Task brief
Text in the records must be reproduced exactly, and pictures must be skipped.

■ ■ ■ ■ ■ ■ ■

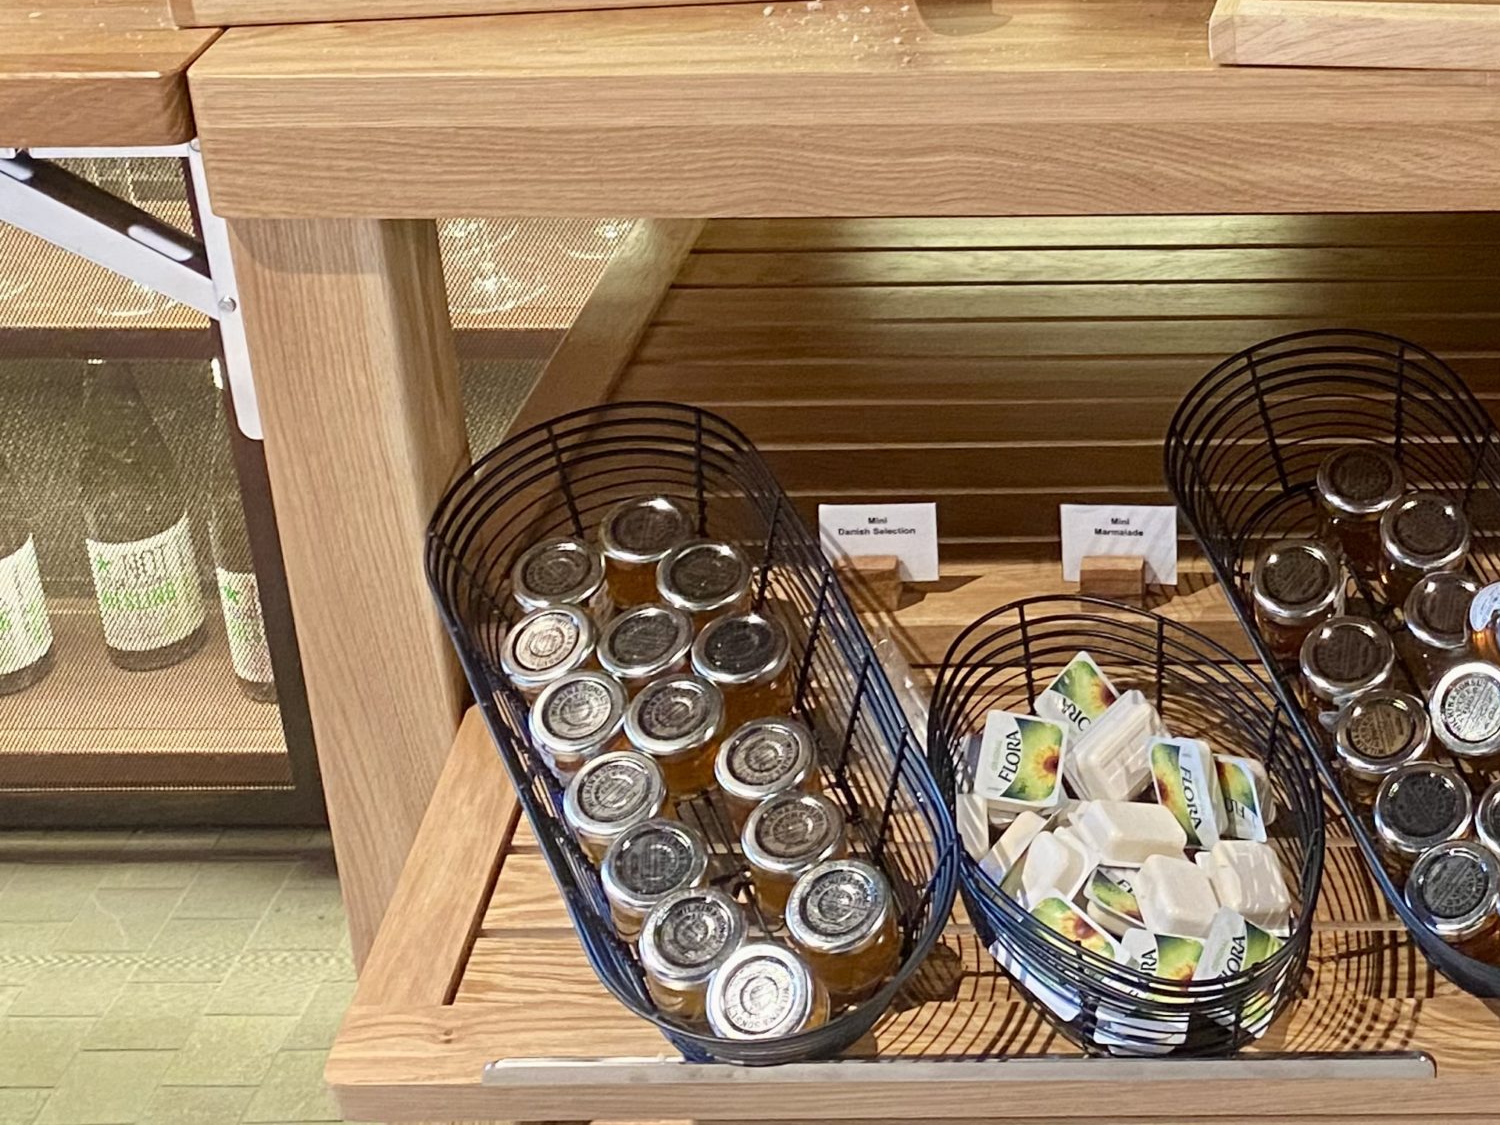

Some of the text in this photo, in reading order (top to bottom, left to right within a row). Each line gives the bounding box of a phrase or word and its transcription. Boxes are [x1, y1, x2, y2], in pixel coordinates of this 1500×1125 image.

[873, 527, 916, 535] Selection
[1094, 528, 1144, 536] Marmalade
[998, 730, 1022, 783] FLORA
[1180, 765, 1202, 830] FLORA
[1225, 797, 1245, 819] FLO

■ ■ ■ ■ ■ ■ ■

Answer to this problem
Some of the text in this photo, in reading order (top to bottom, left to right within a row). Each line gives the bounding box of a phrase or word and its transcription. Boxes are [x1, y1, x2, y2], in pixel coordinates of this 1500×1125 image.

[873, 527, 916, 535] Selection
[1094, 528, 1144, 536] Marmalade
[998, 730, 1022, 783] FLORA
[1180, 765, 1202, 830] FLORA
[1225, 797, 1245, 819] FLO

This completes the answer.